Things you remember from your childhood that would be ABSOLUTELY UNTHINKABLE today

I’m not sure if it’s unthinkable, but I always thought it was odd how freely the female PE teacher would go into the boys’ lockerroom at my high school (1999-2003). Granted the ball storage room (no pun intended) was through there and normally she’d wait until the we came out into the gym. Occasionally she’d catch a latecomer changing or using the toilet (no stall doors :eek: and the storage room was past them). Sometimes after class she’d need to talk to the male PE teacher and just yell a warning and come in while we were still changing. Granted we were all wearing boxers and the showers were almost* never used by anyone. We all thought it was strange, but the male PE teachers didn’t give it a 2nd thought, but somehow I doubt any male teacher who set foot in the girls’ lockerroom would still have a job by dismissal.

*On school picture day she once caught 3 naked football players coming out of the shower after a morning class.

How funny, the second I read the title that was what I was going to bring up! I clearly remember my mother smoking in the grocery store, and hundreds of butts stamped out on the floor, because it was hard tile or hard linoleum and could take it. GROSS.

And I also remember being able to smoke in the hospital…the only reason it was a problem with my mother is because she was in for suspected emphysema. Had it been anything else, no sweat.

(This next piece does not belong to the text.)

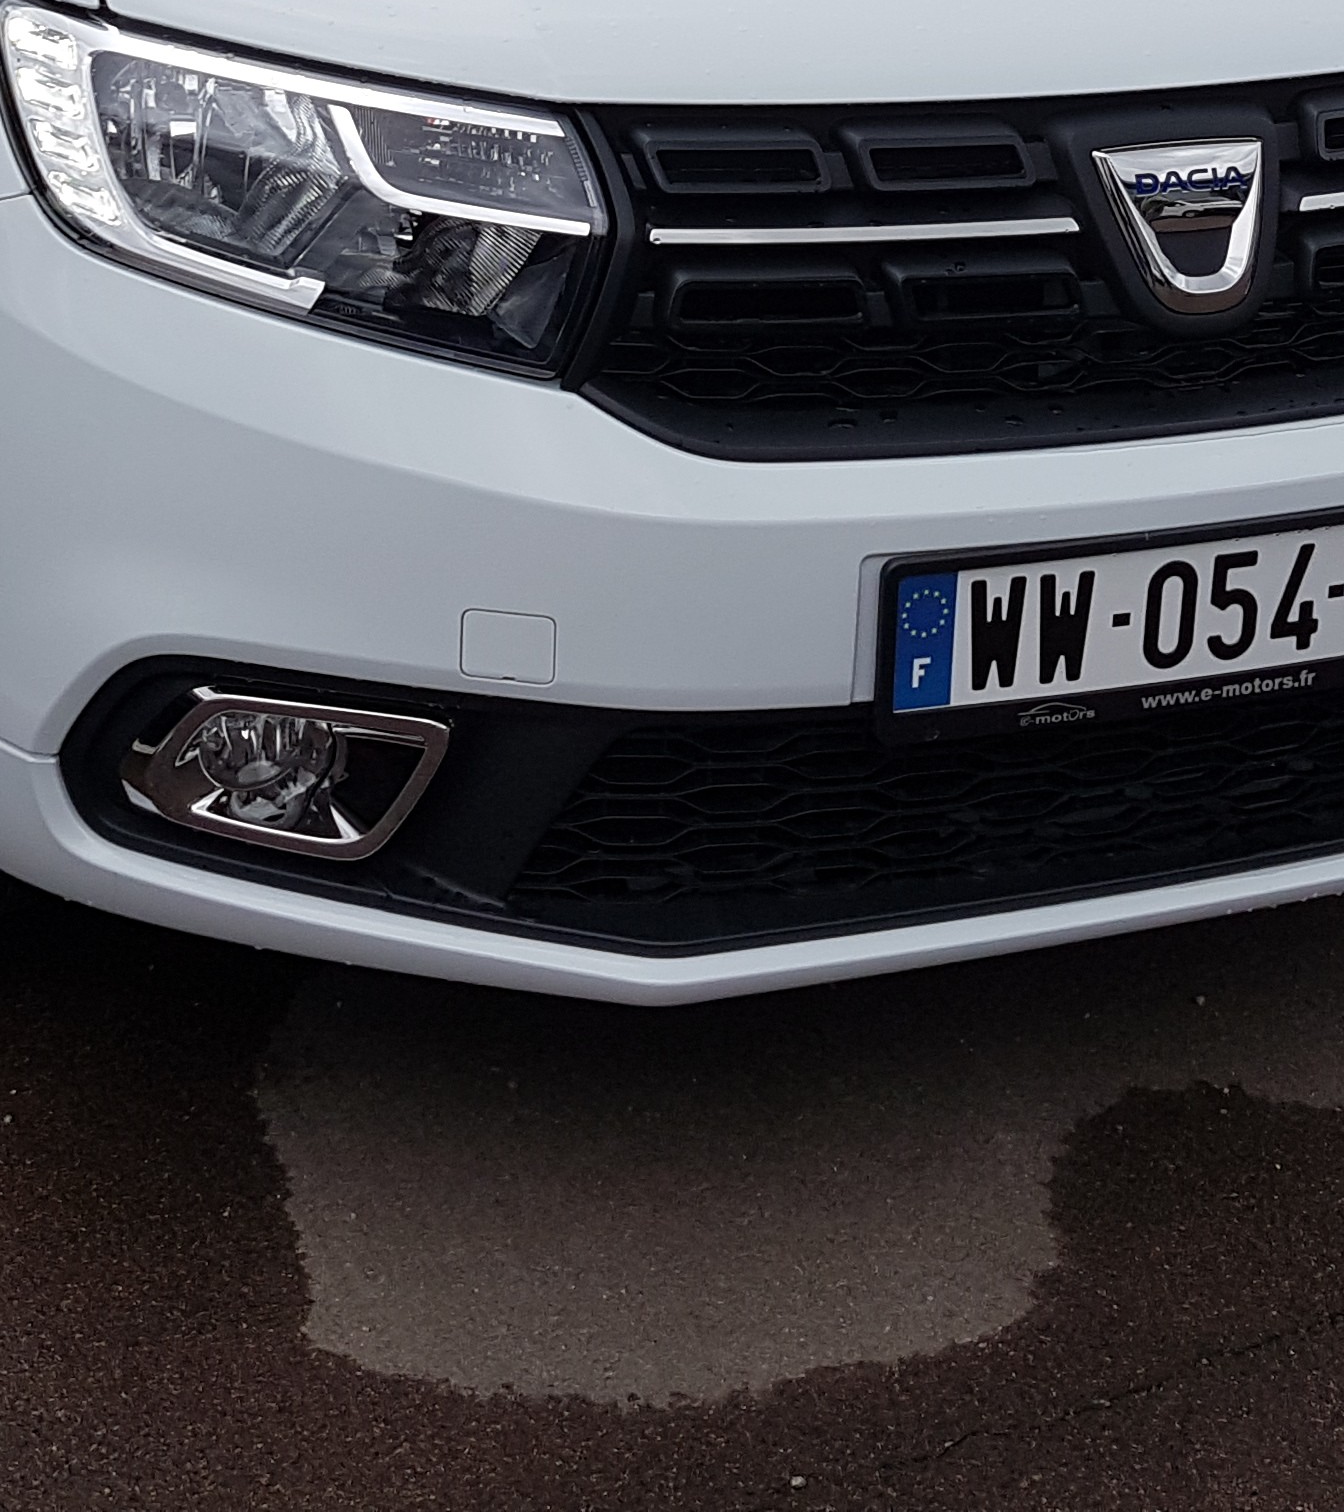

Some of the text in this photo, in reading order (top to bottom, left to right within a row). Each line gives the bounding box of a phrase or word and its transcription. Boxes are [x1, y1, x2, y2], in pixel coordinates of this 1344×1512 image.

[1134, 165, 1248, 196] DACIA
[911, 656, 932, 689] F
[1141, 669, 1317, 710] www.e-motors.fr

I’m 50, by the way. And LOVING “Mad Men” just for the memory lane of it all.

Ralph’s grocery stores had the infamous “Plain Wrap” brand- white packaging with a blue stripe, on which was written the name of the food- beer, bread, sugar, whatever. You could buy white t-shirts with a blue stripe that said “t-shirt.”

In November 1971, when my twin and I were 8 years old, we walked 3 miles out to the Bangor International Airport to see David Cassidy get off a plane. We didn’t ask our mom first and she didn’t freak out when she found out about it. We were really broke then so there was no money for tickets to the concert. But, we finally begged and begged so mom took some of my brother’s birthday money and some rolled pennies and brought us to the Bangor Auditorium. To her credit she brought us to our seats and then left, leaving us with phone money to call for a ride when it was over. We were too short to reach the payphones so we walked the two miles home. Yes, there was snow on the ground. And, yes, it was night time when the concert ended. Was mom frantic when we got home because we didn’t call? Well, if you call reading with your feet up frantic…

I think the fact that you could see a concert with a 3 year old’s birthday money and a roll of pennies is not the only unthinkable part of this story.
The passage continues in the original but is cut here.